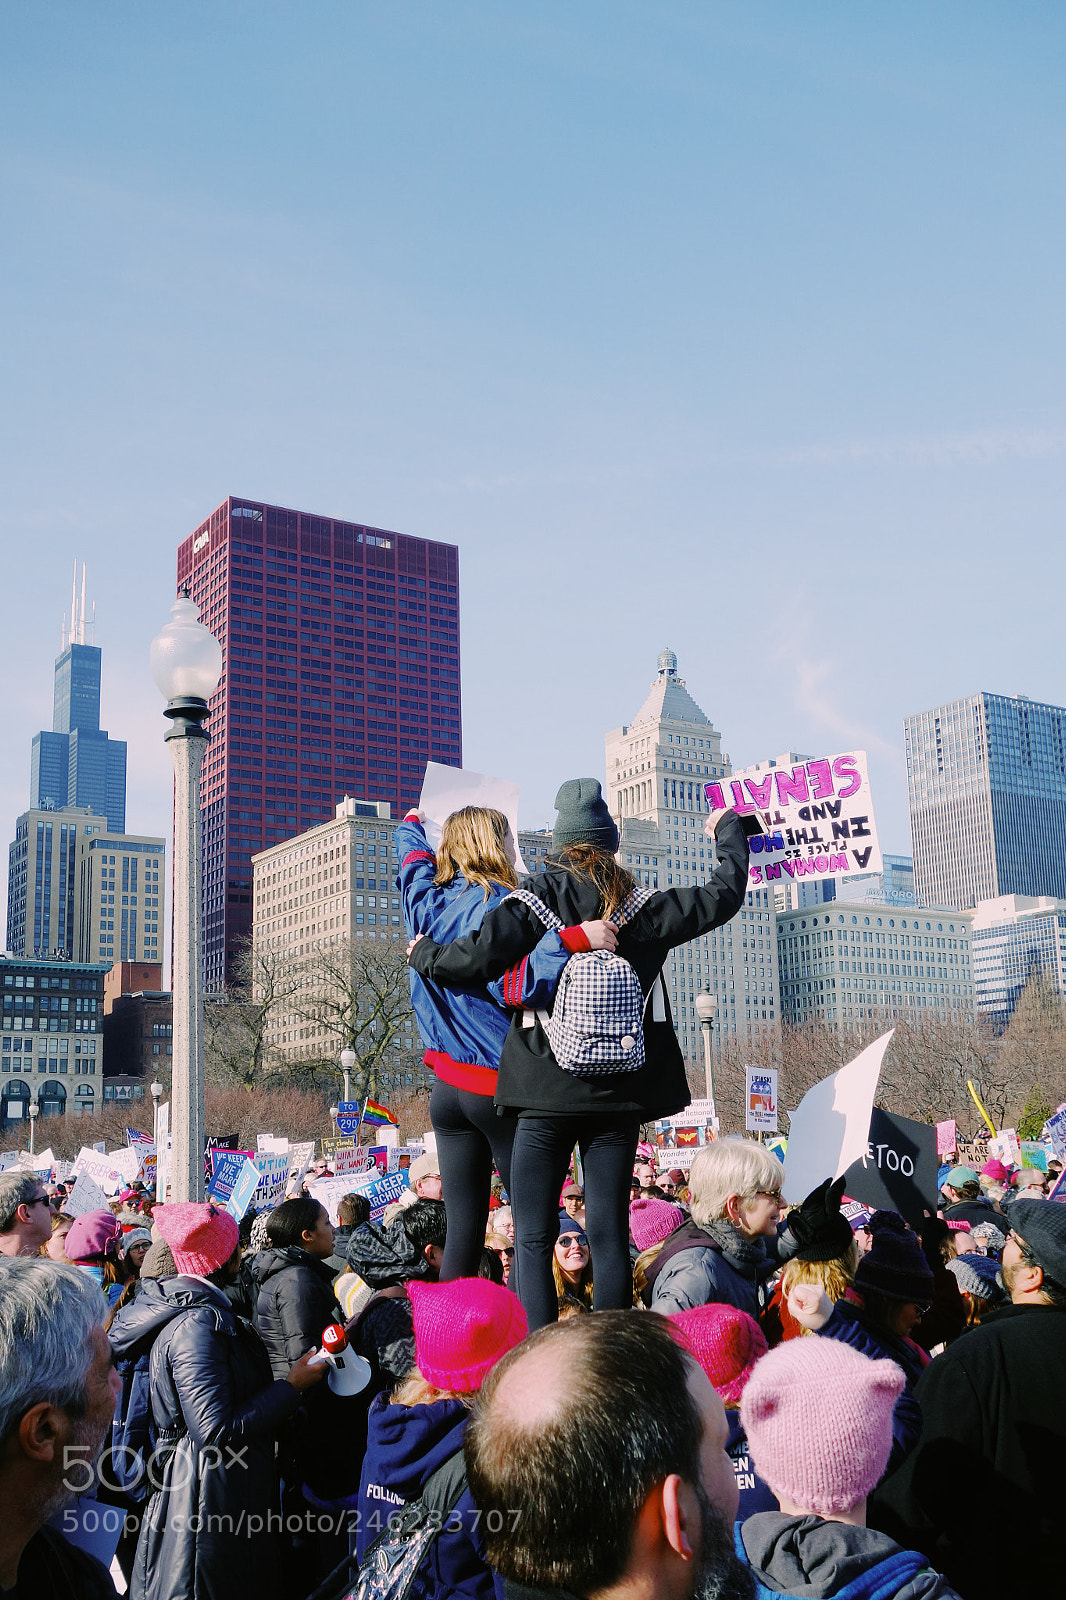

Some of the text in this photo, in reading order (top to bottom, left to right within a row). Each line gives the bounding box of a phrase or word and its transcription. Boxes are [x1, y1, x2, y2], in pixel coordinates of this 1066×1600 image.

[193, 529, 210, 554] CNA
[704, 755, 862, 814] SENATE
[798, 800, 842, 821] AND
[786, 826, 824, 846] THE
[832, 816, 871, 840] IN
[785, 840, 847, 860] PLACE IS
[852, 846, 873, 868] A
[340, 1119, 357, 1129] 290
[216, 1152, 226, 1161] WE
[228, 1153, 244, 1163] KEEP
[336, 1149, 355, 1160] WHAT
[660, 1150, 687, 1158] Wonder
[862, 1142, 914, 1177] ETOO
[959, 1146, 989, 1155] WE ARE
[968, 1154, 988, 1162] NOT
[222, 1161, 237, 1175] WE
[337, 1161, 345, 1170] WE
[375, 1173, 404, 1195] KEEP
[369, 1184, 407, 1208] ARCHING

○ ○ ○ ○

Exercise -> Repeat the data in full, exactly as it stands, but drop every picture.

Reply ->
Some of the text in this photo, in reading order (top to bottom, left to right within a row). Each line gives the bounding box of a phrase or word and its transcription. Boxes are [x1, y1, x2, y2], in pixel coordinates of this 1066×1600 image.

[193, 529, 210, 554] CNA
[704, 755, 862, 814] SENATE
[798, 800, 842, 821] AND
[786, 826, 824, 846] THE
[832, 816, 871, 840] IN
[785, 840, 847, 860] PLACE IS
[852, 846, 873, 868] A
[340, 1119, 357, 1129] 290
[216, 1152, 226, 1161] WE
[228, 1153, 244, 1163] KEEP
[336, 1149, 355, 1160] WHAT
[660, 1150, 687, 1158] Wonder
[862, 1142, 914, 1177] ETOO
[959, 1146, 989, 1155] WE ARE
[968, 1154, 988, 1162] NOT
[222, 1161, 237, 1175] WE
[337, 1161, 345, 1170] WE
[375, 1173, 404, 1195] KEEP
[369, 1184, 407, 1208] ARCHING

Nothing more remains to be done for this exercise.